Sixteen gigabytes is where local AI stops being a demo. An 8B model (Qwen3 8B is about 5GB at Q4) leaves plenty of room for context and runs quickly on a modern laptop. This tier also unlocks the first genuinely strong option: OpenAI says its gpt-oss-20b runs on edge devices with just 16GB of memory, because its mixture-of-experts design activates only a fraction of its parameters per token. For most people who want a private, capable assistant on the machine they already own, 16GB is the answer.

24 to 32GB: the prosumer GPU tier

This is the high-end consumer graphics card bracket: an RTX 4090 carries 24GB of VRAM and the newer RTX 5090 carries 32GB. It runs 14B to 32B dense models at Q4, which is where open models start to feel close to the commercial frontier for everyday work. A 32B like Qwen3 32B (about 20GB) fits with room for a long context, and agentic coding becomes realistic. If you are choosing hardware specifically to run models, this tier is the best balance of capability and cost for most enthusiasts.

48 to 128GB: 70B models and the personal supercomputer

A 70B model at Q4 needs roughly 40 to 48GB, so 64GB is the entry point for the heavyweight open models like Llama 3.3 70B. Push to 128GB and you reach the most interesting recent category: the personal AI box. NVIDIA’s DGX Spark pairs 128GB of unified memory with 273 GB/s of bandwidth and, per NVIDIA, runs inference on models up to 200 billion parameters and fine-tunes up to 70B. A 128GB Mac Studio reaches the same class. This is also the tier where gpt-oss-120b lives: OpenAI says the 120B version runs within 80GB of memory.

512GB and up: the largest open weights

At the top of the ladder is one headline use case: running the biggest open models in existence. DeepSeek R1 at 671 billion parameters consumes about 404GB even at 4-bit, which is why it needs a 512GB machine to hold it with working room. The remarkable part is that this is now possible on a single desktop. As MacRumors reported, a Mac Studio with an M3 Ultra and 512GB of unified memory runs DeepSeek R1 locally, and a TechRadar reviewer measured it at roughly 17 to 18 tokens per second while drawing under 200 watts. The alternative, a multi-GPU server, costs far more and burns far more power, and is the start of the next ladder.

The VRAM ladder: consumer cards to rack-scale systems

If you run models on a graphics card rather than in system memory, this is the ladder that matters. VRAM is faster but scarcer, so the rungs are smaller and the prices climb steeply. The table runs from an entry consumer card to a full data-center rack that NVIDIA treats as one giant GPU.

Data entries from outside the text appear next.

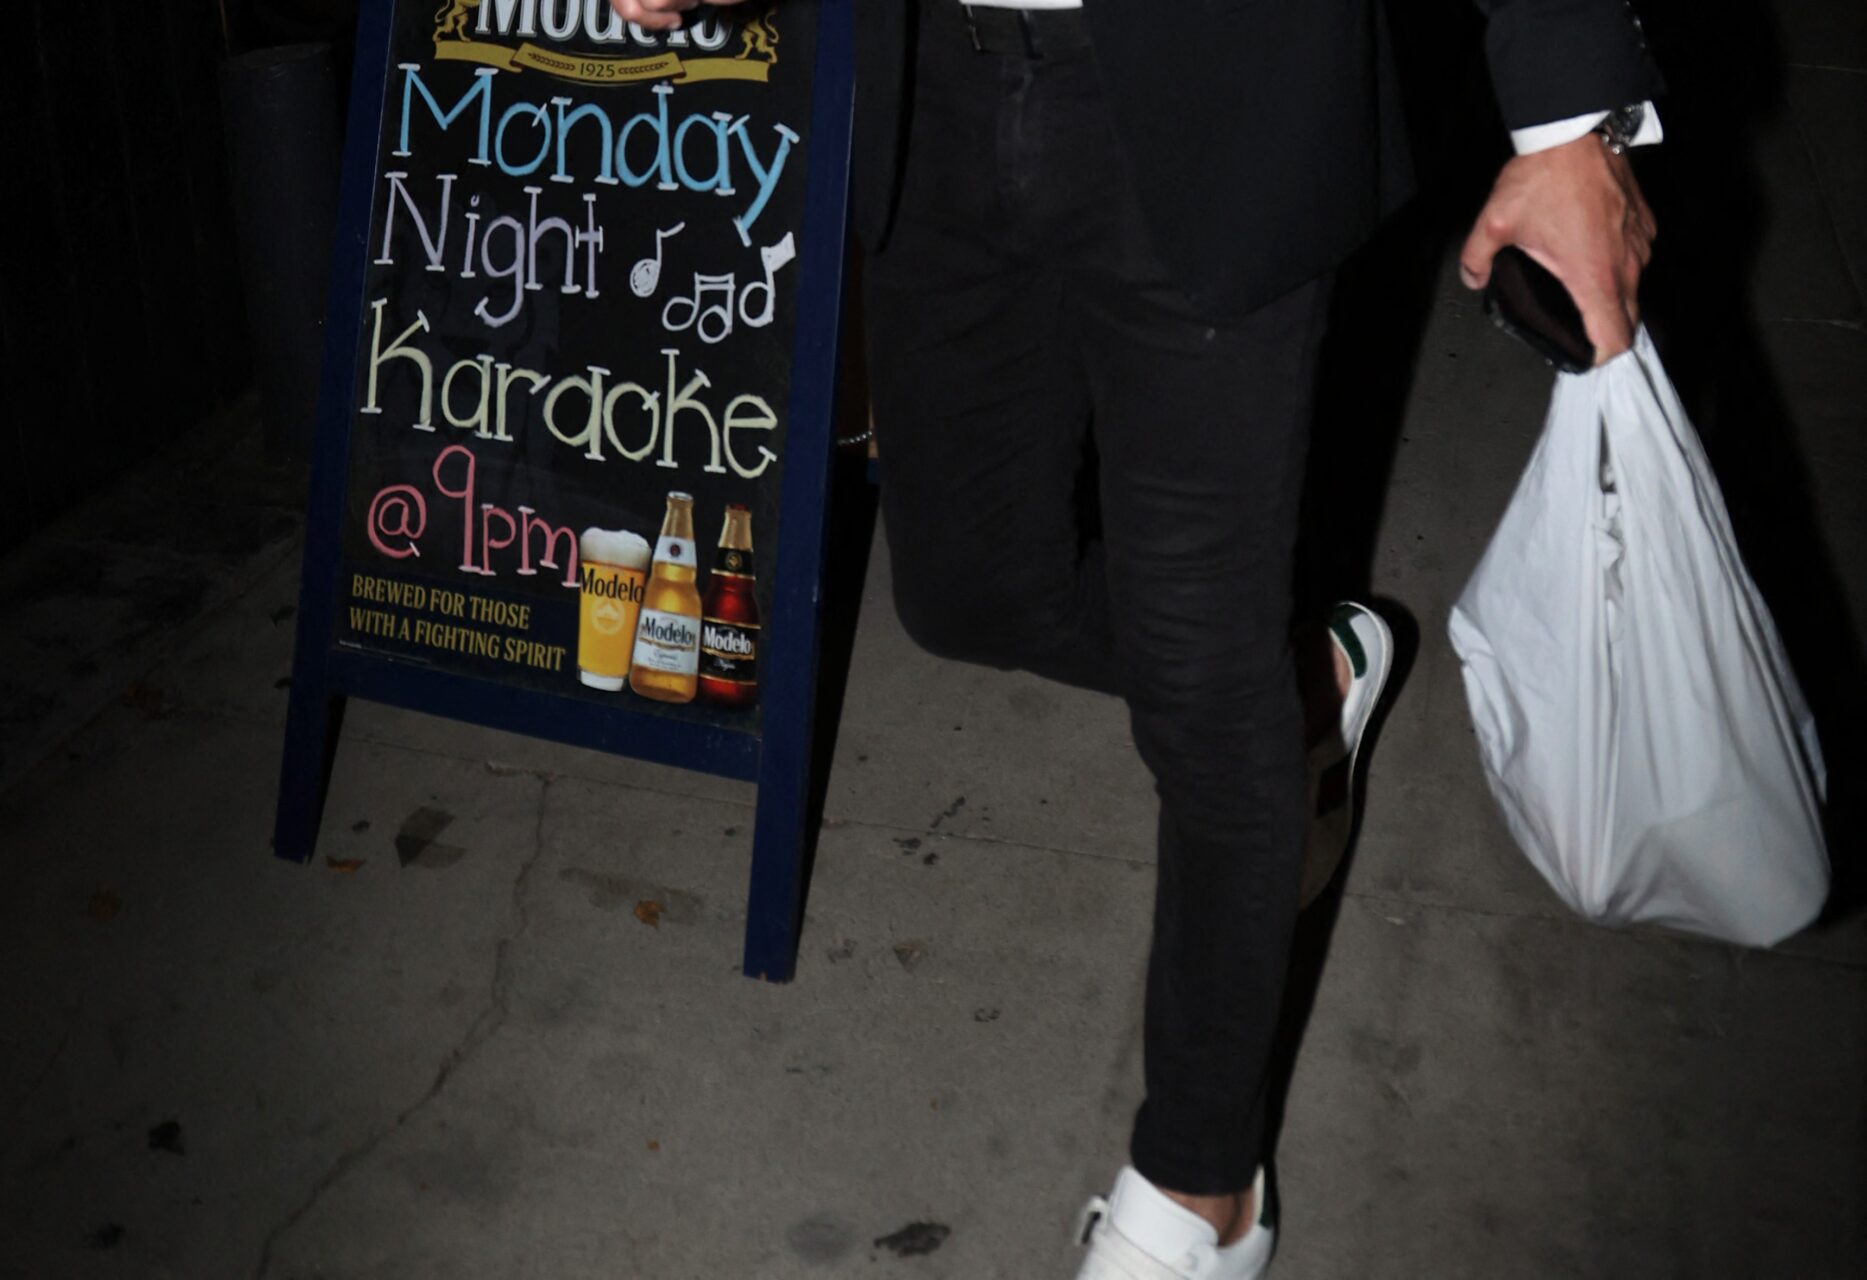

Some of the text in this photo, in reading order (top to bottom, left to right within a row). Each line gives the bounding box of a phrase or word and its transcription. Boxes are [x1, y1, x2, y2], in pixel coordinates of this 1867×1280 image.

[579, 62, 616, 78] 1925
[392, 62, 800, 247] Monday
[373, 171, 604, 328] Night
[360, 297, 779, 479] Karaoke
[367, 444, 581, 588] @ 9pm
[351, 573, 532, 630] BREWED FOR THOSE
[579, 566, 644, 604] Modelo
[349, 606, 395, 638] WITH
[397, 617, 411, 642] A
[413, 620, 501, 659] FIGHTING
[503, 637, 567, 672] SPIRIT
[645, 617, 692, 645] Modelo
[703, 625, 752, 655] Modelo
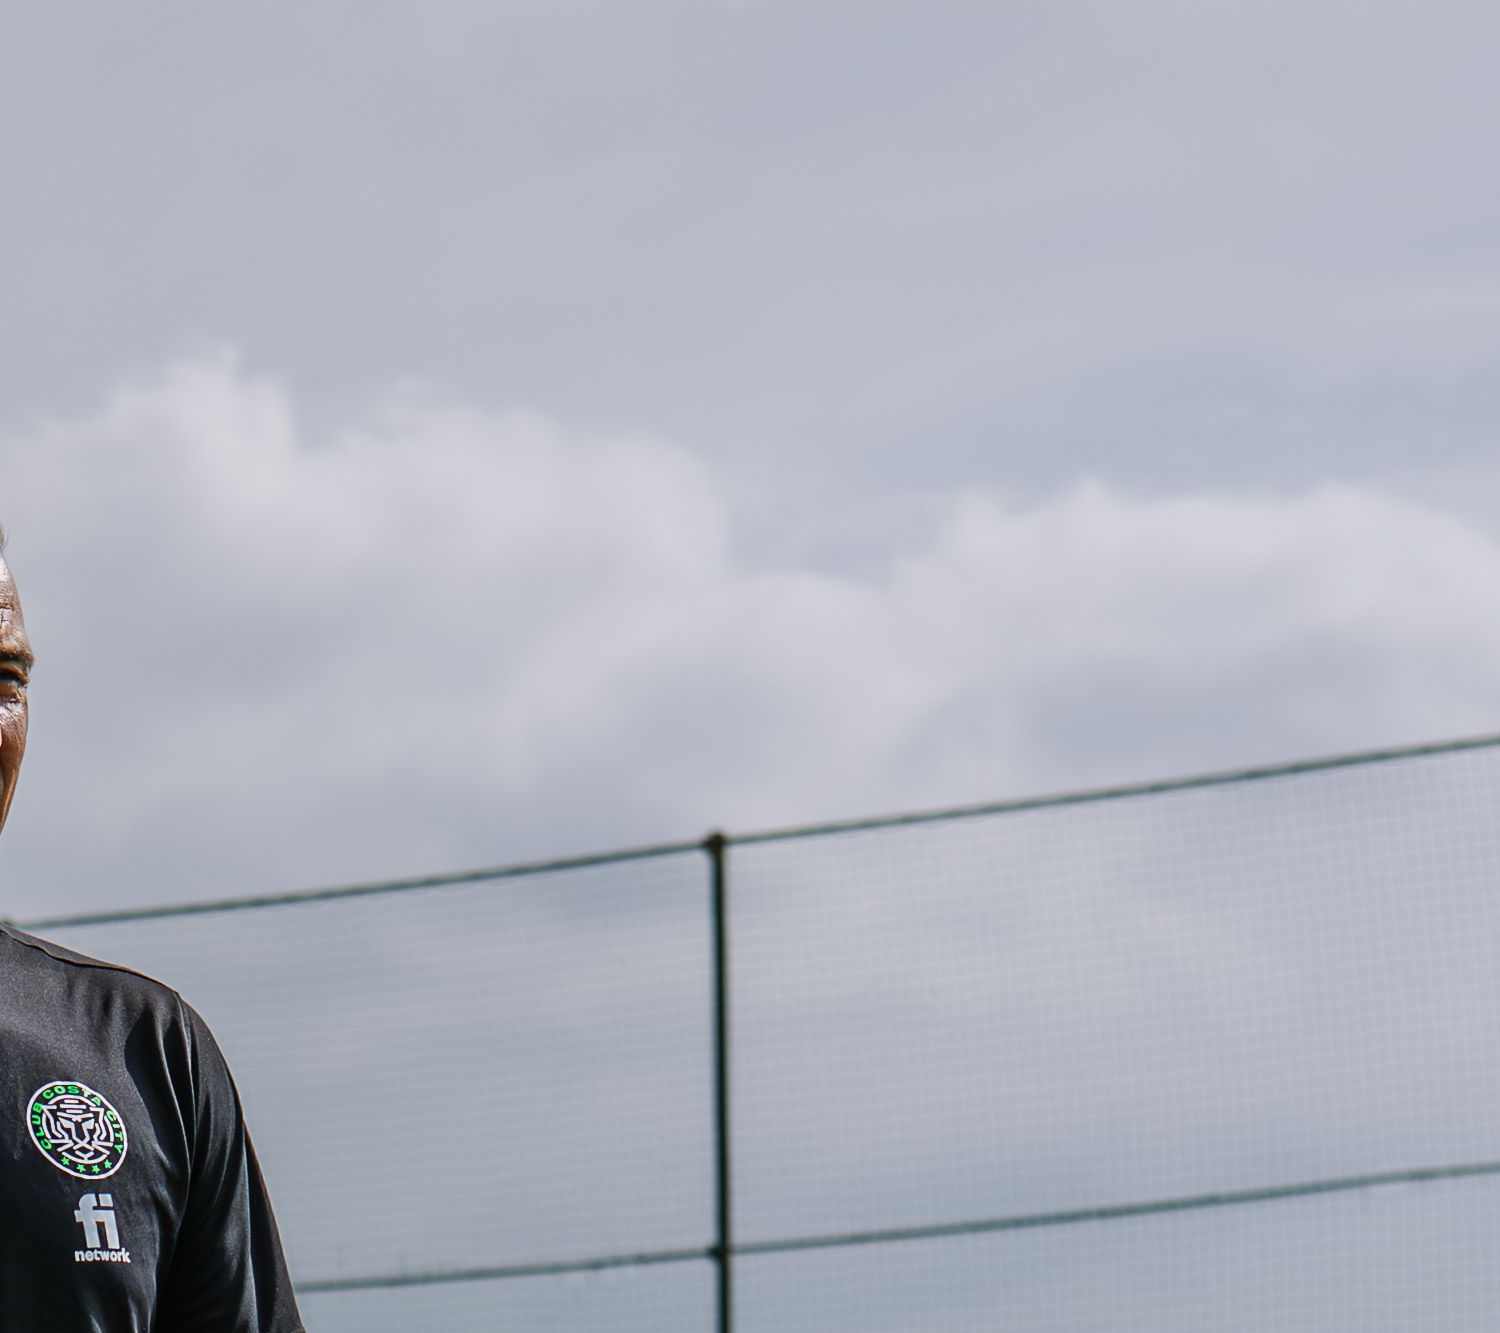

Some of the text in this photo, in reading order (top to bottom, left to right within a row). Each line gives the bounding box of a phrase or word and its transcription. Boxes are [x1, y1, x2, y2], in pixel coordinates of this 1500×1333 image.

VRAM	Example hardware	Class	Largest model (Q4)	Notes
8 GB	RTX 4060, RTX 3050	Consumer	7B, tight	Entry GPU; keep context short
12 GB	RTX 3060, RTX 4070	Consumer	13B	Comfortable small-model card
16 GB	RTX 4080, RTX 5060 Ti 16GB	Consumer	14B with context	Good 8B card with long context
24 GB	RTX 3090, RTX 4090, RX 7900 XTX	Prosumer	32B	The long-time enthusiast standard
32 GB	RTX 5090	Consumer flagship	32B comfortably	~1.8 TB/s, the fastest consumer card
48 GB	RTX 6000 Ada, L40S	Workstation	70B, tight	Single-card 70B becomes possible
96 GB	RTX PRO 6000 Blackwell	Workstation	120B	The most VRAM on a non-data-center card
80–141 GB	A100 / H100 (80GB), H200 (141GB)	Data center	70B at FP16, 100B+ at Q4	HBM, ~3.3–4.8 TB/s bandwidth
192–288 GB	B200 (192GB), B300 Blackwell Ultra (288GB)	Data center flagship	200B+ on a single GPU	B300 is the current production flagship
13.4–20.7 TB	GB200 NVL72 / GB300 NVL72	Rack-scale	Trillion-parameter, served to thousands	72 GPUs wired as one

For most people the story stops at 32GB: an RTX 5090 is the fastest card you can put in a desktop and runs anything up to a 32B model briskly. Step up to workstation cards and the RTX PRO 6000 Blackwell carries 96GB, enough for a 120B model on one card. Above that you are buying data-center silicon: an H100 holds 80GB, an H200 holds 141GB, and a single H200 runs a 70B model at full FP16 precision with room for a long context.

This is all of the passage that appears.